• Task goal: Each entry should be set down again verbatim, with the images omitted.

• Data records:
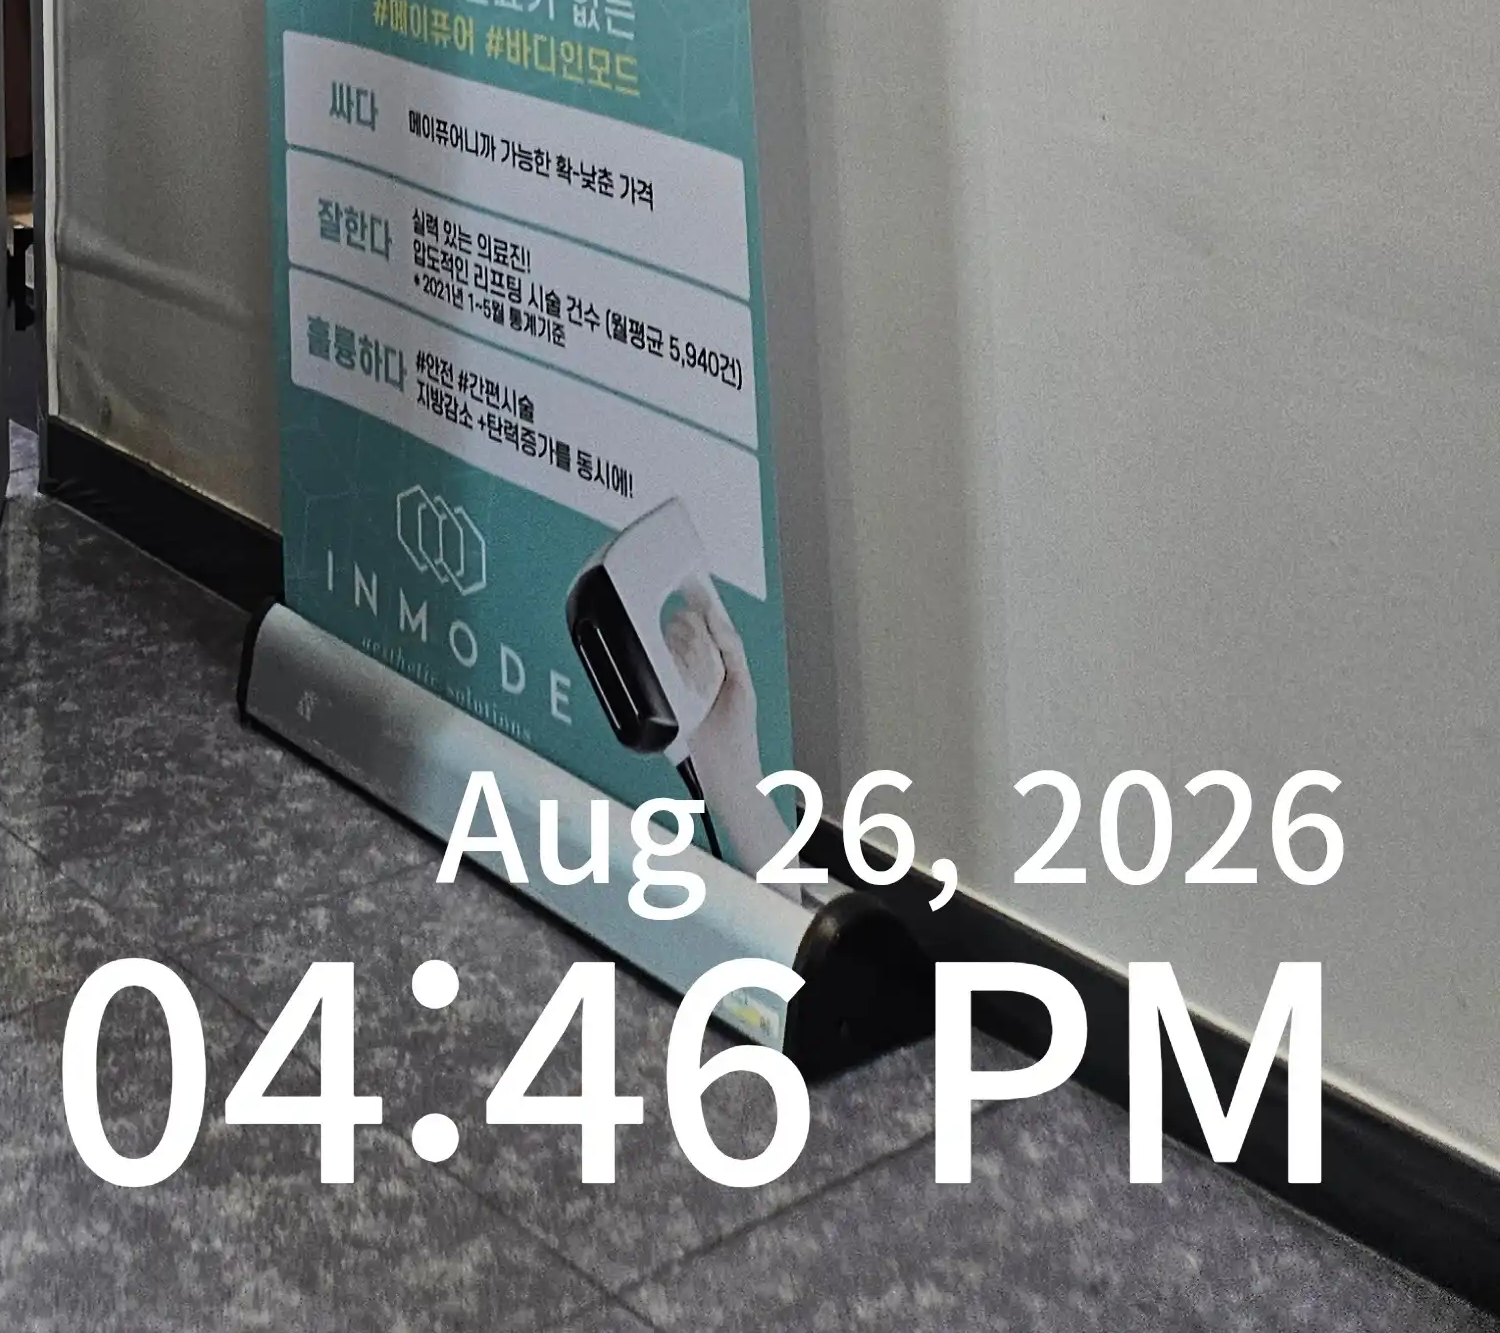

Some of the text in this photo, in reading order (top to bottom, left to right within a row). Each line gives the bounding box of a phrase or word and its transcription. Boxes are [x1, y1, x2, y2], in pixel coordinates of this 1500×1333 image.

[485, 24, 641, 99] #바디인모드
[329, 80, 379, 133] 싸다
[407, 109, 656, 213] 메이퓨어니까 가능한 확-낮춘 가격
[317, 196, 393, 263] 잘한다
[411, 206, 532, 276] 실력 있는 의료진!
[306, 312, 409, 393] 훌륭하다
[412, 238, 744, 393] 압도적인 리프팅 시술 건수 (월평균 5,940건)
[467, 289, 506, 328] 1~5월
[508, 306, 567, 349] 통계기준
[415, 349, 536, 425] #안전 #간편시술
[416, 379, 635, 500] 지방감소 +탄력증가를 동시에!
[326, 548, 573, 727] INMODE

• Answer:
Some of the text in this photo, in reading order (top to bottom, left to right within a row). Each line gives the bounding box of a phrase or word and its transcription. Boxes are [x1, y1, x2, y2], in pixel coordinates of this 1500×1333 image.

[485, 24, 641, 99] #바디인모드
[329, 80, 379, 133] 싸다
[407, 109, 656, 213] 메이퓨어니까 가능한 확-낮춘 가격
[317, 196, 393, 263] 잘한다
[411, 206, 532, 276] 실력 있는 의료진!
[306, 312, 409, 393] 훌륭하다
[412, 238, 744, 393] 압도적인 리프팅 시술 건수 (월평균 5,940건)
[467, 289, 506, 328] 1~5월
[508, 306, 567, 349] 통계기준
[415, 349, 536, 425] #안전 #간편시술
[416, 379, 635, 500] 지방감소 +탄력증가를 동시에!
[326, 548, 573, 727] INMODE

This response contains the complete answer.